The CD opens with the cooker “For Jaco,” which features McLaughlin tearing through uptempo, 16-note runs like a spritely jazzer half his age – his legendary chops remain as ferocious as ever. Many rock fans will be interested in the second track “New Blues Old Bruise” with guest Eric Johnson, who hasn’t played straight-ahead fusion since his Electromagnets days in the ’70s. This track is another winner and the Texas guitar hero acquits himself admirably with his famed arpeggio-laced solos. It’s not a breakthrough performance for Johnson, but it’s certainly good to hear him break out of his standard FM radio box and collaborate with other guitar players. The latter also holds true for McLaughlin.

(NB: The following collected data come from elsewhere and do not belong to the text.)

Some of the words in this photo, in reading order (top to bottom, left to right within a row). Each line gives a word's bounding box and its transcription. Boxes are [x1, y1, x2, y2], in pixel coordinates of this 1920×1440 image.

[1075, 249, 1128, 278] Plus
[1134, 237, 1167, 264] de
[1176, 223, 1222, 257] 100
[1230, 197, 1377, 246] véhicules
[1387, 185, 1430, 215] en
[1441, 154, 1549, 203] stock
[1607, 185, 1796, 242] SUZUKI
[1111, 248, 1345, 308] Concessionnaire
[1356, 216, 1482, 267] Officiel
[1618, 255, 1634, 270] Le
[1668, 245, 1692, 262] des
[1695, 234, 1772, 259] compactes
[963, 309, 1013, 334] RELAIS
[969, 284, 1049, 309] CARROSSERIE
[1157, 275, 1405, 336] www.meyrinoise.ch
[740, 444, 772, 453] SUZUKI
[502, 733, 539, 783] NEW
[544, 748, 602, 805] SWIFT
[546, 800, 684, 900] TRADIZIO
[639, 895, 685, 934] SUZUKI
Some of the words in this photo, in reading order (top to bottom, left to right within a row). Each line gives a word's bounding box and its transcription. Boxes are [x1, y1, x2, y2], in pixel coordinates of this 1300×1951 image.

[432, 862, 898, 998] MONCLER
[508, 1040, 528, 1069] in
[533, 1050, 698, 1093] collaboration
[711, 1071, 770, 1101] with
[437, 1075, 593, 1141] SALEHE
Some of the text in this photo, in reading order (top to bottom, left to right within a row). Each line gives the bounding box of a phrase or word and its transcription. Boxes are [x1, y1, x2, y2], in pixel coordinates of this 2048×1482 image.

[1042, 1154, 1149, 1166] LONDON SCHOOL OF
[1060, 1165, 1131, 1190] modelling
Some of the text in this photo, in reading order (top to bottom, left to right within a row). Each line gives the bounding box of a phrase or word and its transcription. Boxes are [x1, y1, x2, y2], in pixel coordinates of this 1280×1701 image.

What’s particularly refreshing about this record is that while it incorporates modern digital technology – samples, guitar synth, software synthesizers – it retains a fresh, live vibe. Unlike some other new records, Industrial Zen doesn’t sound canned. Part of that is McLaughlin’s still-vital chops and musical sensibility, but also his ability to draw top players, such as drummers Dennis Chambers and Vinnie Colaiuta, saxman Bill Evans, and longtime percussion partner, the great Zakir Hussein. There are also young musicians – like bassists Hadrien Feraud and Tony Grey – who McLaughlin is bringing up through the jazz ranks. The musicianship is stellar throughout.
You can feel all this energy on “To Bop or Not to Bop,” with its intense melody and solo exchanges. Again, you have to be inspired by John McLaughlin’s vitality. Rivaled only by the still-butt-kickin’ Jeff Beck (who turns a lofty 63 this year), McLaughlin is playing great, writing interesting material, and finding excellent players – both younger and older – to perform it. Here, at least, is one aging jazzer who hasn’t succumbed to recording sleepy standards for the babyboomer set. Industrial Zen rocks.